In such cases, the issue that crops up, inter-alia, is regarding rate of GST. For eg. in case a GST payer supplies a solar power plant and installs the same, then whether GST should be levied:

a. As a service, on entire invoice value @ 18% or

b. As a supply of goods i.e. solar power plant, on entire invoice value @ 5% or

c. As two separate transaction with deemed value i.e. 30% service value liable @ 18% and supply of solar power plant liable @ 5% [refer recommendation of 31 st GST Council meeting and Not. No. 24/2018-CTR]

d. As two separate transactions with actual value declared by supplier i.e. invoiced value of service liable @ 18% and invoiced value of supply of solar power plant liable @ 5%

At present, as per Not. No. 24/2018-CTR, when solar power plant is supplied and installed, the recommended deemed value is 30% (than the actual value of services in such case), effectively levying GST rate in such cases at 8.90% (i.e. 5%*70%+18%*30%).

It may be noted that this arbitrary levy of GST on 30% value of total contract value is already questioned by the Delhi High Court in the petition filed by Solar Power Developer Association (SPDA) – 2019-TIOL-1011-HC-DEL-GST and the matter is to be listed before the Hon’ble High Court on 6th August 2019.

Given the aforesaid, it becomes imperative to explore the implication in case of option (d) as aforesaid. In case, a supplier opts for option (d) aforesaid then from GST perspective, isn’t it justifiable for the supplier to levy GST on the actual value of the goods and services, as long as there is no attempt to offload the value of one on to another that is chargeable at a concessional rate.

It may be noted that a clarification on similar aspect has already been provided in Circular no. 47/21/2018-GST wherein its stated that if value of goods and services supplied are shown separately, then goods and services would be liable to tax at the rates as applicable to such goods and services separately.

Thus, as regards the deemed 30% value of service (Notification 24/2018-Central Tax Rate dated 31 st December 2018), it may be stated that ‘ it is permissible for the State to prescribe a presumptive value for determining the services value by fixing a particular percentage of the total value, however, it must be ensured that the deemed particular percentage for services should not differ appreciably from the actual services value that would be incurred in normal circumstances in respect of that particular type of contracts.’ [refer Apex Court in the case of Gannon Dunkerley & Co. – 2002-TIOL-103-SC-CT-CB].

Also, it is pertinent to note that even when a deeming fiction is applied, still the scheme and spirit behind such valuation should amply demonstrate that the endeavour is to have closest proximity with the open market value / actual transaction value of such services.
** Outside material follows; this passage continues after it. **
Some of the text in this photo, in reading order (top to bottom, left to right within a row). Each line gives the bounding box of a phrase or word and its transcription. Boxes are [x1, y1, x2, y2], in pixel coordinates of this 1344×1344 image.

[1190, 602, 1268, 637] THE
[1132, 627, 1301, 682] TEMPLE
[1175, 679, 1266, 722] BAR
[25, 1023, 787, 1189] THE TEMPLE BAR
Further, only in the absence of actual transaction value, mechanism of fictionalised deemed value should be provided for. This is because the objective behind Section 9 of CGST Act is to levy GST on the ‘value’ of ‘supply’ of ‘goods’ or ‘services’ or ‘both’.

Thus, in cases where the actual value paid or payable for such transaction, between independent supplier and recipient is available, GST should be leviable on the actual value. Further, in case of absence of separate value, the value of services should be the most proximate to the actual cost. Generally, as regards, power plant supply and installation contracts, it is learnt that the proportion of service component is not more than 5% and thus, the approximate proportion could be 95%:5% instead of prescribed 70%:30%. Given this, levying GST @ 30% of the value appears to be arbitrary and could be violative of Article 14 of the Constitution [refer Wipro Ltd) – 2015-TIOL-79-SC-CUS].
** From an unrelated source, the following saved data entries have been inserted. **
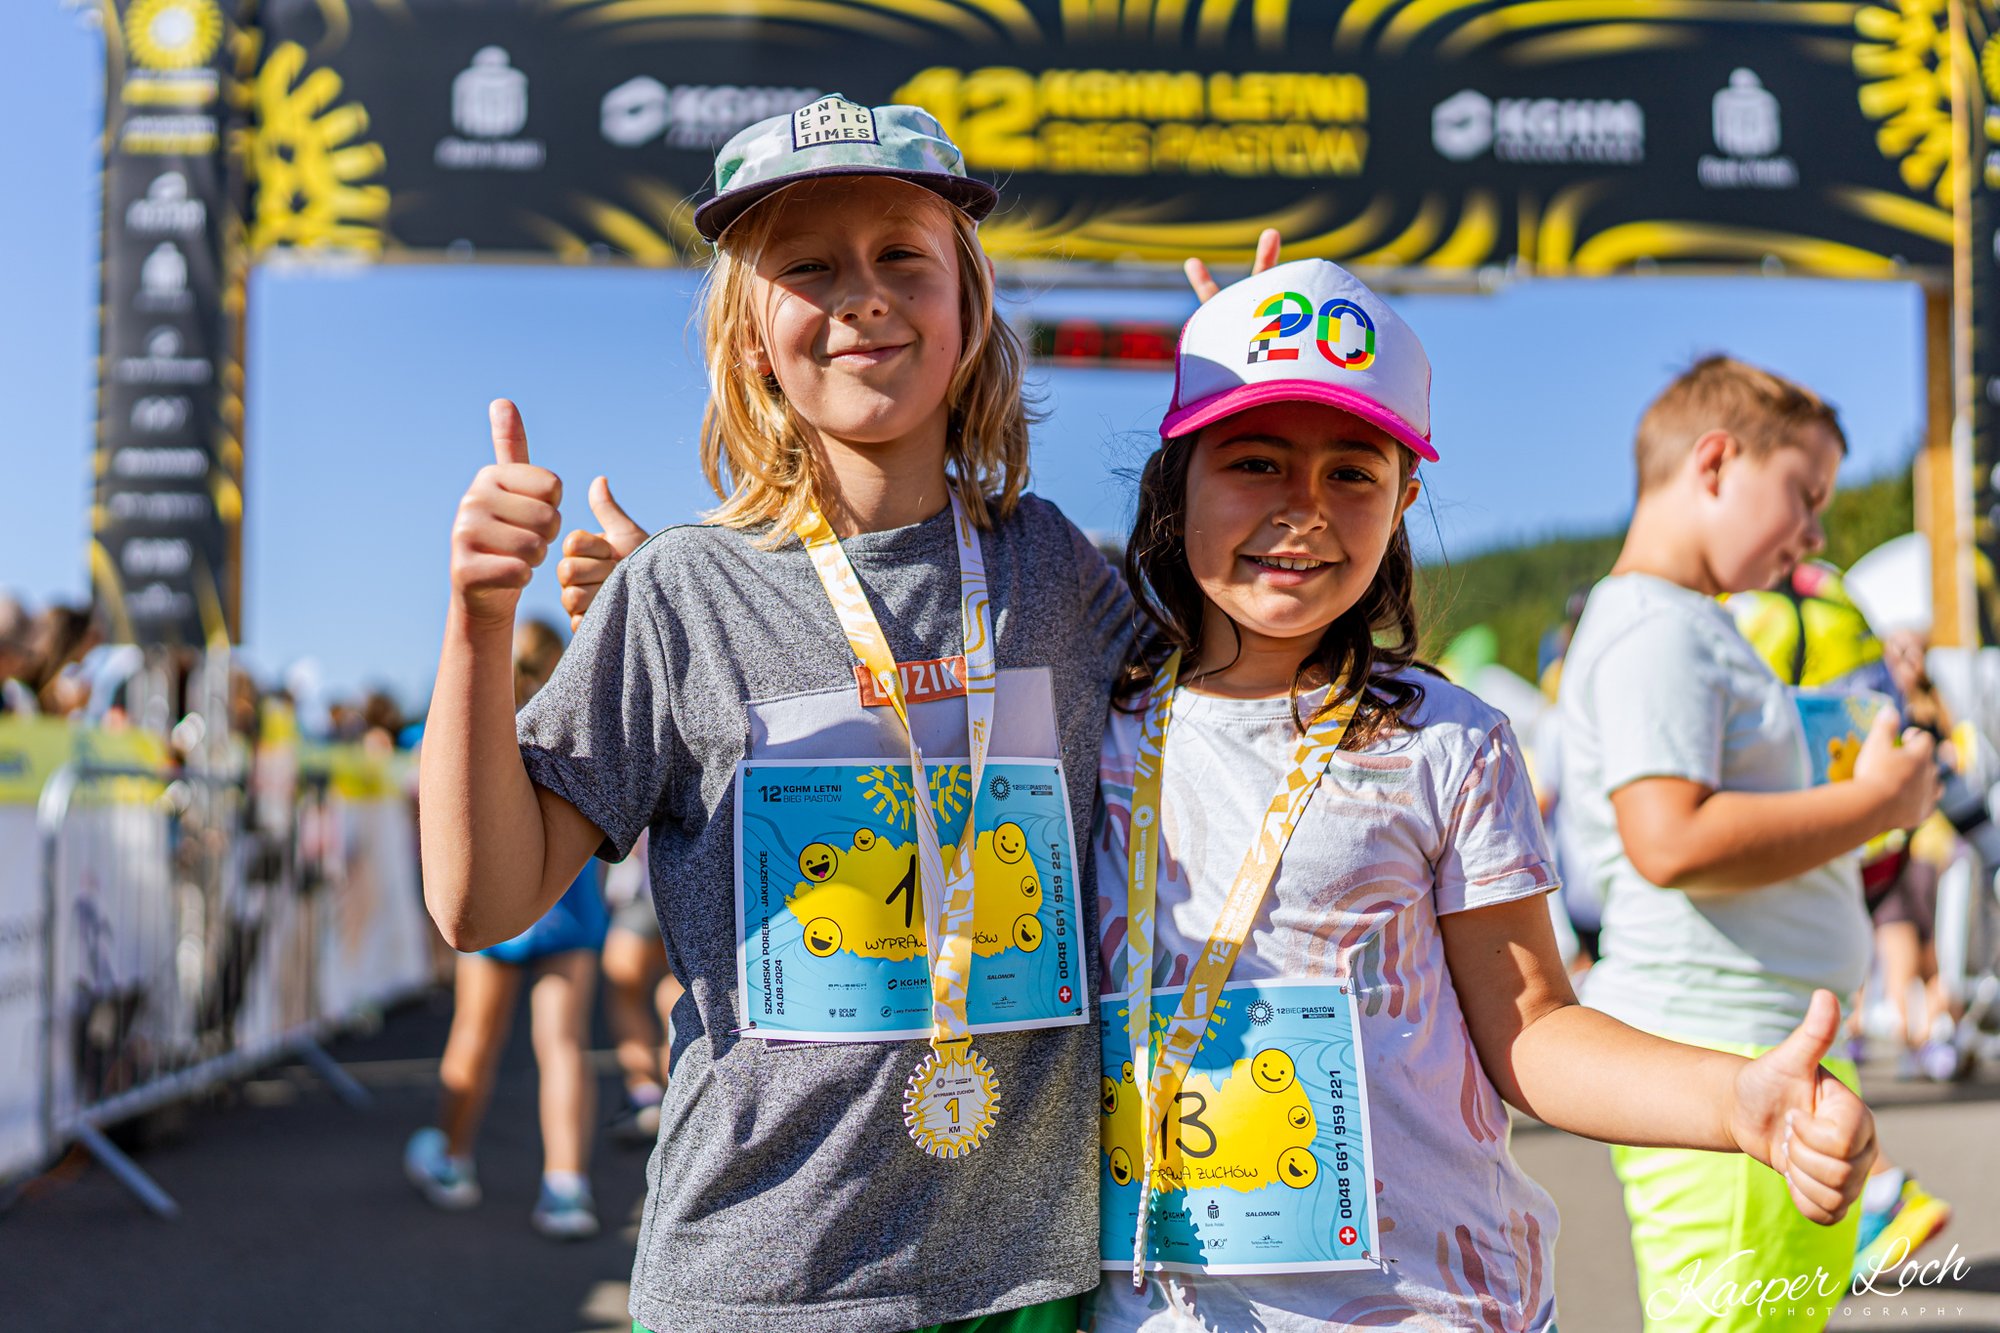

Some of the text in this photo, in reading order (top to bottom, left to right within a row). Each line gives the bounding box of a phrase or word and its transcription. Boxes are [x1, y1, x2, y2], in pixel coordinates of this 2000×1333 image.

[800, 113, 868, 130] EPIC
[801, 128, 871, 144] TIMES
[1247, 291, 1376, 372] 20
[758, 785, 782, 802] 12
[783, 784, 842, 793] KGHM LETNI
[783, 793, 842, 803] BIEG PIASTÓW
[760, 850, 769, 907] JAKUSZYCE
[1050, 843, 1069, 979] 0048 661 959 221
[761, 918, 771, 956] PORĘBA
[865, 934, 927, 951] WYPRAW
[1207, 939, 1233, 967] 12
[763, 959, 773, 1015] SZKLARSKA
[774, 959, 785, 1015] 24.08.2024
[900, 978, 928, 987] KGHM
[944, 1097, 960, 1124] 1
[948, 1125, 961, 1134] KM
[1329, 1070, 1353, 1219] 0048 661 959 221
Further, it may be noted that the right of the supplier to identify value of services and goods, individually, in accordance with terms of contract, may not be considered as a ‘concession’ but rather an existing privilege of the GST payer to value the components as per the open market value. One may recall that even in earlier Service Tax regime, there was a specific notification (Not. No. 12/2003-ST) permitting deduction of value of goods subject to condition that there is documentary proof specifically indicating the value of the said goods.

Given the aforesaid, the GST Council should specifically state that if separate value of goods and services is available, then such values should be acceptable than providing for ‘deemed valuation’ (such as 30% as provided at present).

Also, it becomes critical to clarify the aspect of levy even for prior period as due to contradictory Advance Rulings on levy of GST on solar power equipment supply and installation. Thus, clarity should be provided for the period from 1st July 2017.

It is worth noting that the entire debate on levy of GST on solar power plant has led to crippling of business for solar equipment suppliers. To promote solar industry similar to electric vehicles and to boost clean energy initiative of the Government, the GST Council should look into this aspect and provide suitable solution at the earliest.